• [ABOUT THIS EXERCISE]:
Make an exact copy of all the entries, but do not reproduce the pictures.

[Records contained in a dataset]
□ □ □
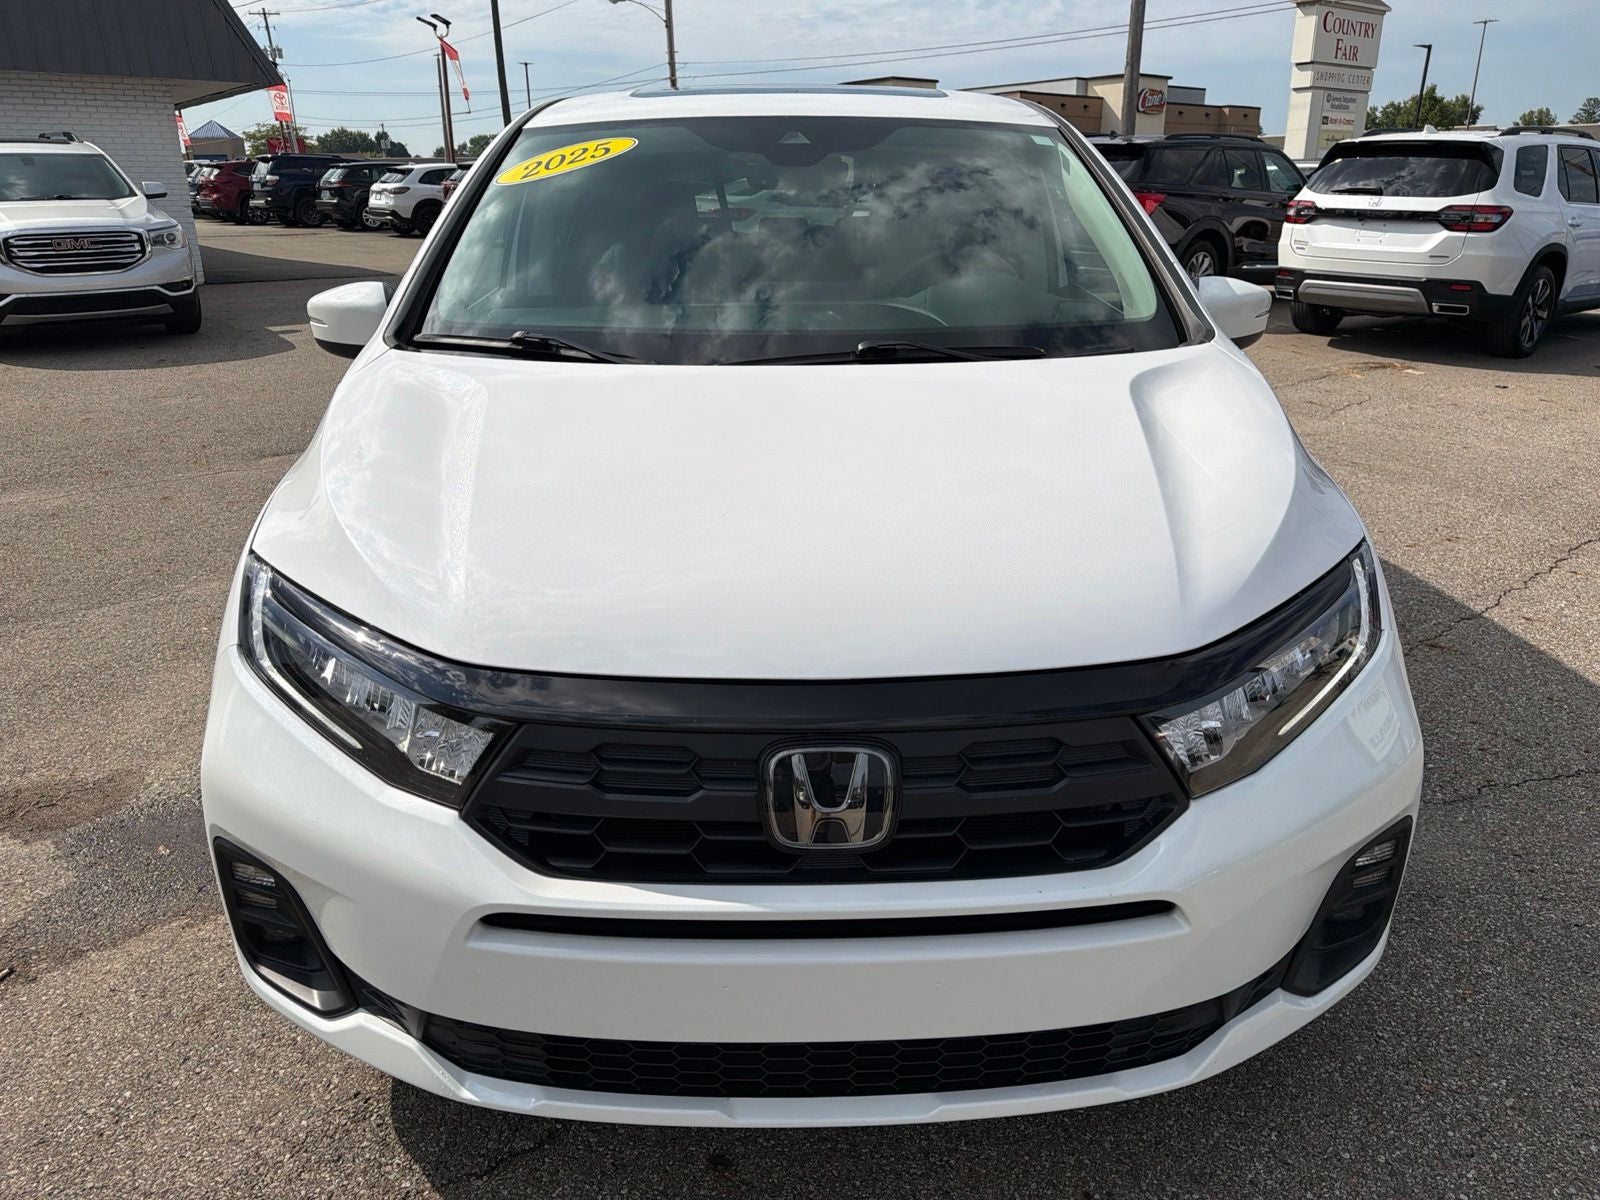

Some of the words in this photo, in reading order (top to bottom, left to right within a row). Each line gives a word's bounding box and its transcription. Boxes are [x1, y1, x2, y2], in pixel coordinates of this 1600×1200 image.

[1334, 38, 1359, 62] FAIR
[1316, 71, 1345, 83] SHOPPING
[1348, 74, 1370, 86] CENTER
[519, 141, 613, 180] 2025
[53, 238, 102, 250] GMC
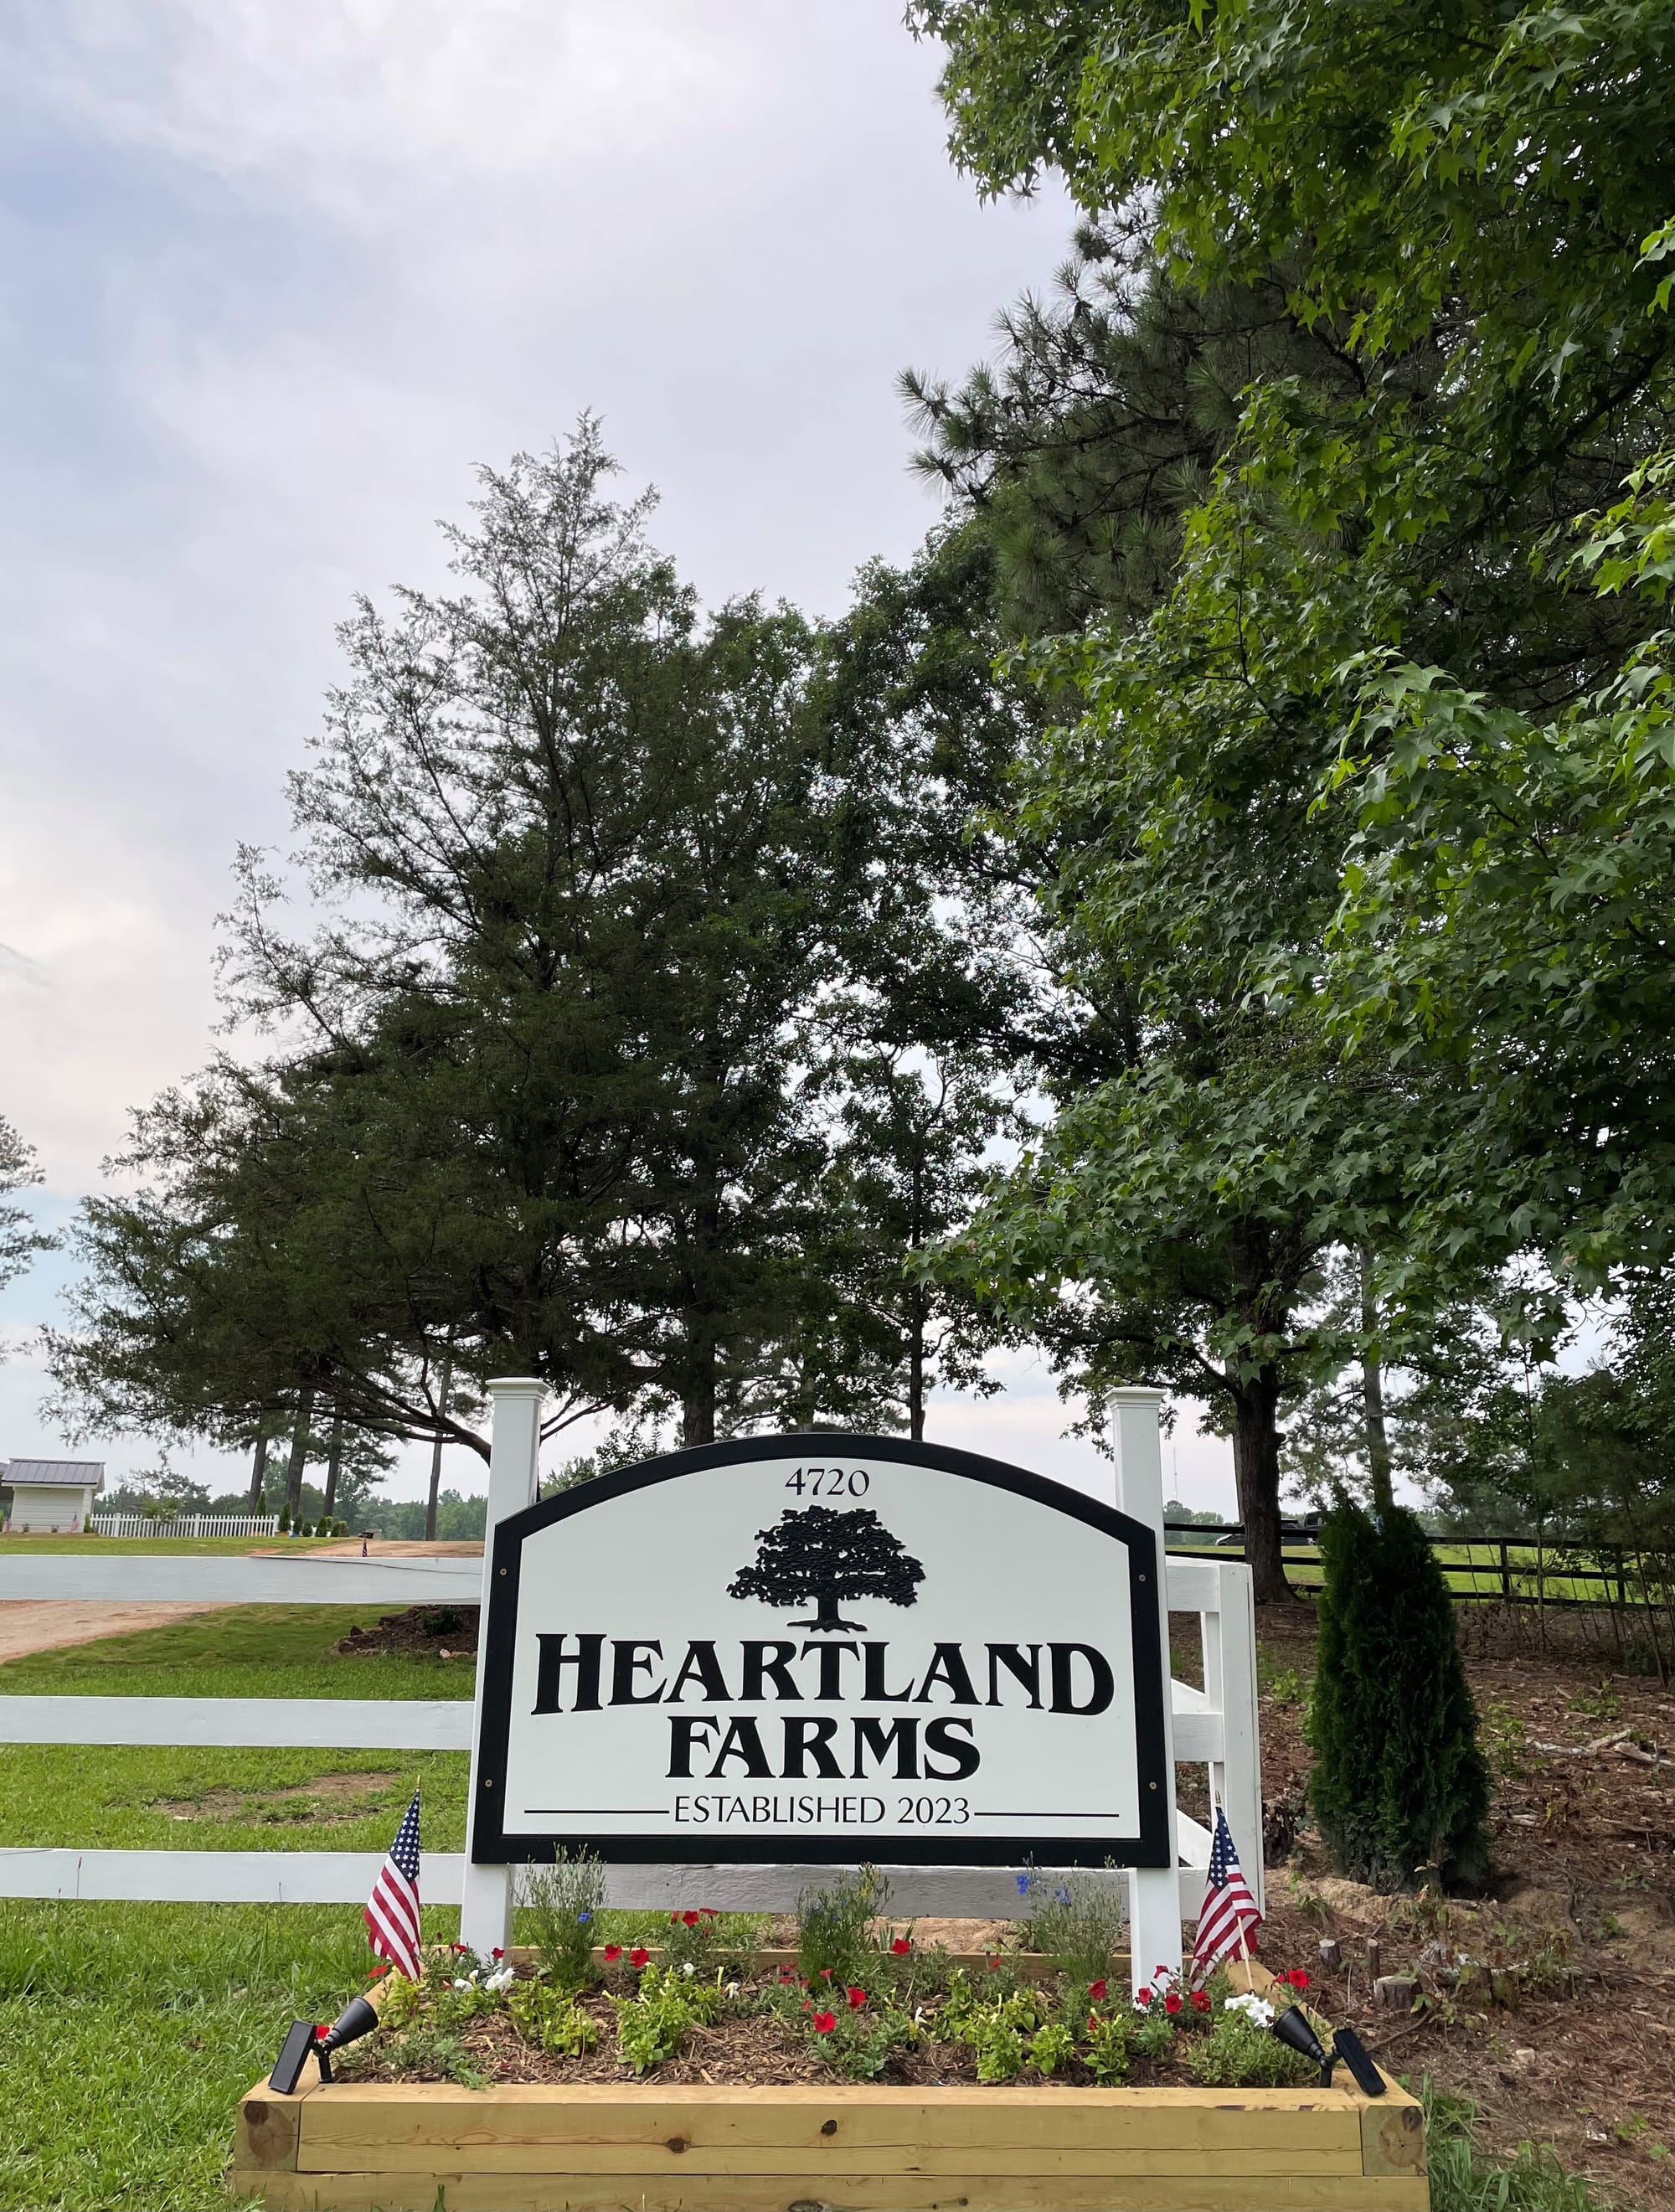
□ □ □
• [ANSWER AREA]:
Some of the words in this photo, in reading order (top to bottom, left to right within a row). Each line gives a word's bounding box and its transcription. Boxes are [x1, y1, x2, y2], in pixel coordinates of this 1600×1200 image.

[1334, 38, 1359, 62] FAIR
[1316, 71, 1345, 83] SHOPPING
[1348, 74, 1370, 86] CENTER
[519, 141, 613, 180] 2025
[53, 238, 102, 250] GMC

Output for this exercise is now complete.